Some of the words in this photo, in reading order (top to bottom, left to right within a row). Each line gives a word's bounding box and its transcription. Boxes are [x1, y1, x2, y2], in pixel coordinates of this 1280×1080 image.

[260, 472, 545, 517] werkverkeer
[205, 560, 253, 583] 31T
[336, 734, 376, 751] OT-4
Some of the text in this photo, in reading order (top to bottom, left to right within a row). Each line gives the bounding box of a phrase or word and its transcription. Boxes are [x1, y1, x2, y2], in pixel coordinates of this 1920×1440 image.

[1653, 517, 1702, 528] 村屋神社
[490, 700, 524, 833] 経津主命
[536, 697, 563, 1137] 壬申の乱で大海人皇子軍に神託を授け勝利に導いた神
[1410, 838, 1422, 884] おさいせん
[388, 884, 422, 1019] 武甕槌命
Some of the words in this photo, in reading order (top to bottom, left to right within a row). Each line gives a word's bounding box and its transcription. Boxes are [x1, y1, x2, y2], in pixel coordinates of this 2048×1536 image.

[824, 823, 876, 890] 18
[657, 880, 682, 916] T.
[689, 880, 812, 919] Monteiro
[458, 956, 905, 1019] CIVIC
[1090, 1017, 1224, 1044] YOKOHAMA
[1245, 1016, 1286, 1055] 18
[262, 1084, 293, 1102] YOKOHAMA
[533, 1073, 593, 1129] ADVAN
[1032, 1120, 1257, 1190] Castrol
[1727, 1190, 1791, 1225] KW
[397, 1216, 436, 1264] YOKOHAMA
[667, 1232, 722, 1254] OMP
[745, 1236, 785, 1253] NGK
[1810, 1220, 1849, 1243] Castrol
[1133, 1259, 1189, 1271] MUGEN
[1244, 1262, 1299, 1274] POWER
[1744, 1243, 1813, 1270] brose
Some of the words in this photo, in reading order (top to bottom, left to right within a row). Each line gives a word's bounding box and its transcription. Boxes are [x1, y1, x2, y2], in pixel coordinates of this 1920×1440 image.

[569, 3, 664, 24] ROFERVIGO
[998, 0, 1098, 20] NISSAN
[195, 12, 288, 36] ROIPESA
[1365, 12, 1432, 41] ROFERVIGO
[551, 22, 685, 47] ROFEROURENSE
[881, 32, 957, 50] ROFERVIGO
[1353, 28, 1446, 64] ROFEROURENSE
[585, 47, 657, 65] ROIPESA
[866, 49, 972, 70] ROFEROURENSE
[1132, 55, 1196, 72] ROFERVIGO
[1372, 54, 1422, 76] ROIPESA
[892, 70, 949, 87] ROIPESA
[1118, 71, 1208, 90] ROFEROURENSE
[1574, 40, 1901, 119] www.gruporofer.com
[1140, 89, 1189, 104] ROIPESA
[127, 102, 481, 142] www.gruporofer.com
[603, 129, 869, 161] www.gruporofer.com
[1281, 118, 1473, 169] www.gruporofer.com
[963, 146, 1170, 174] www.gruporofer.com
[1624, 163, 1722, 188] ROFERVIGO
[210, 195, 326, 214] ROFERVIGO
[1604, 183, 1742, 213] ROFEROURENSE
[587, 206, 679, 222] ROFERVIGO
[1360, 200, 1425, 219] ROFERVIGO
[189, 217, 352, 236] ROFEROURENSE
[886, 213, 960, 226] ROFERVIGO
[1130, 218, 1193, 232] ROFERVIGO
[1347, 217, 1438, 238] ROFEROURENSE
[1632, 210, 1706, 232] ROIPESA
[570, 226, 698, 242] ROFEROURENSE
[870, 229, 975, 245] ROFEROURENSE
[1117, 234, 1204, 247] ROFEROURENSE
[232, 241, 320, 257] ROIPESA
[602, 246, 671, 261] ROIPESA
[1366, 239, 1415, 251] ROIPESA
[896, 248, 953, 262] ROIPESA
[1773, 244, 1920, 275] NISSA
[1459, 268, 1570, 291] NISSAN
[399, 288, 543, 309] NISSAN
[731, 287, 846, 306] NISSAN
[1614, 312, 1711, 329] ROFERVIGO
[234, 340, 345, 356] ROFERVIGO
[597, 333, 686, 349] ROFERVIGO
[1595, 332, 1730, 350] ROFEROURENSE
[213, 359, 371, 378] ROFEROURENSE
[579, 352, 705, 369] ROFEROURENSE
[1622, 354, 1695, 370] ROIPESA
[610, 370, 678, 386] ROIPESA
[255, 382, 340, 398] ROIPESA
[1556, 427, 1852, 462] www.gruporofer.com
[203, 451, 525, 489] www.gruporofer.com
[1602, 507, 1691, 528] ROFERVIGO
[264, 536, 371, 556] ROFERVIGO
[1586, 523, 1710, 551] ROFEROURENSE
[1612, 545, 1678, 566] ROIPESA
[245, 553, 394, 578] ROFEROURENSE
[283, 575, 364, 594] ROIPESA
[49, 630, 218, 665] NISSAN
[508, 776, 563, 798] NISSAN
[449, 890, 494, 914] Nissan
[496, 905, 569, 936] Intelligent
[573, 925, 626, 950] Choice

§

§ Requirement
Write the records out again. Each one must match exactly.

§ Exercise result
Some of the words in this photo, in reading order (top to bottom, left to right within a row). Each line gives a word's bounding box and its transcription. Boxes are [x1, y1, x2, y2], in pixel coordinates of this 1280×1080 image.

[260, 472, 545, 517] werkverkeer
[205, 560, 253, 583] 31T
[336, 734, 376, 751] OT-4
Some of the text in this photo, in reading order (top to bottom, left to right within a row). Each line gives the bounding box of a phrase or word and its transcription. Boxes are [x1, y1, x2, y2], in pixel coordinates of this 1920×1440 image.

[1653, 517, 1702, 528] 村屋神社
[490, 700, 524, 833] 経津主命
[536, 697, 563, 1137] 壬申の乱で大海人皇子軍に神託を授け勝利に導いた神
[1410, 838, 1422, 884] おさいせん
[388, 884, 422, 1019] 武甕槌命
Some of the words in this photo, in reading order (top to bottom, left to right within a row). Each line gives a word's bounding box and its transcription. Boxes are [x1, y1, x2, y2], in pixel coordinates of this 2048×1536 image.

[824, 823, 876, 890] 18
[657, 880, 682, 916] T.
[689, 880, 812, 919] Monteiro
[458, 956, 905, 1019] CIVIC
[1090, 1017, 1224, 1044] YOKOHAMA
[1245, 1016, 1286, 1055] 18
[262, 1084, 293, 1102] YOKOHAMA
[533, 1073, 593, 1129] ADVAN
[1032, 1120, 1257, 1190] Castrol
[1727, 1190, 1791, 1225] KW
[397, 1216, 436, 1264] YOKOHAMA
[667, 1232, 722, 1254] OMP
[745, 1236, 785, 1253] NGK
[1810, 1220, 1849, 1243] Castrol
[1133, 1259, 1189, 1271] MUGEN
[1244, 1262, 1299, 1274] POWER
[1744, 1243, 1813, 1270] brose
Some of the words in this photo, in reading order (top to bottom, left to right within a row). Each line gives a word's bounding box and its transcription. Boxes are [x1, y1, x2, y2], in pixel coordinates of this 1920×1440 image.

[569, 3, 664, 24] ROFERVIGO
[998, 0, 1098, 20] NISSAN
[195, 12, 288, 36] ROIPESA
[1365, 12, 1432, 41] ROFERVIGO
[551, 22, 685, 47] ROFEROURENSE
[881, 32, 957, 50] ROFERVIGO
[1353, 28, 1446, 64] ROFEROURENSE
[585, 47, 657, 65] ROIPESA
[866, 49, 972, 70] ROFEROURENSE
[1132, 55, 1196, 72] ROFERVIGO
[1372, 54, 1422, 76] ROIPESA
[892, 70, 949, 87] ROIPESA
[1118, 71, 1208, 90] ROFEROURENSE
[1574, 40, 1901, 119] www.gruporofer.com
[1140, 89, 1189, 104] ROIPESA
[127, 102, 481, 142] www.gruporofer.com
[603, 129, 869, 161] www.gruporofer.com
[1281, 118, 1473, 169] www.gruporofer.com
[963, 146, 1170, 174] www.gruporofer.com
[1624, 163, 1722, 188] ROFERVIGO
[210, 195, 326, 214] ROFERVIGO
[1604, 183, 1742, 213] ROFEROURENSE
[587, 206, 679, 222] ROFERVIGO
[1360, 200, 1425, 219] ROFERVIGO
[189, 217, 352, 236] ROFEROURENSE
[886, 213, 960, 226] ROFERVIGO
[1130, 218, 1193, 232] ROFERVIGO
[1347, 217, 1438, 238] ROFEROURENSE
[1632, 210, 1706, 232] ROIPESA
[570, 226, 698, 242] ROFEROURENSE
[870, 229, 975, 245] ROFEROURENSE
[1117, 234, 1204, 247] ROFEROURENSE
[232, 241, 320, 257] ROIPESA
[602, 246, 671, 261] ROIPESA
[1366, 239, 1415, 251] ROIPESA
[896, 248, 953, 262] ROIPESA
[1773, 244, 1920, 275] NISSA
[1459, 268, 1570, 291] NISSAN
[399, 288, 543, 309] NISSAN
[731, 287, 846, 306] NISSAN
[1614, 312, 1711, 329] ROFERVIGO
[234, 340, 345, 356] ROFERVIGO
[597, 333, 686, 349] ROFERVIGO
[1595, 332, 1730, 350] ROFEROURENSE
[213, 359, 371, 378] ROFEROURENSE
[579, 352, 705, 369] ROFEROURENSE
[1622, 354, 1695, 370] ROIPESA
[610, 370, 678, 386] ROIPESA
[255, 382, 340, 398] ROIPESA
[1556, 427, 1852, 462] www.gruporofer.com
[203, 451, 525, 489] www.gruporofer.com
[1602, 507, 1691, 528] ROFERVIGO
[264, 536, 371, 556] ROFERVIGO
[1586, 523, 1710, 551] ROFEROURENSE
[1612, 545, 1678, 566] ROIPESA
[245, 553, 394, 578] ROFEROURENSE
[283, 575, 364, 594] ROIPESA
[49, 630, 218, 665] NISSAN
[508, 776, 563, 798] NISSAN
[449, 890, 494, 914] Nissan
[496, 905, 569, 936] Intelligent
[573, 925, 626, 950] Choice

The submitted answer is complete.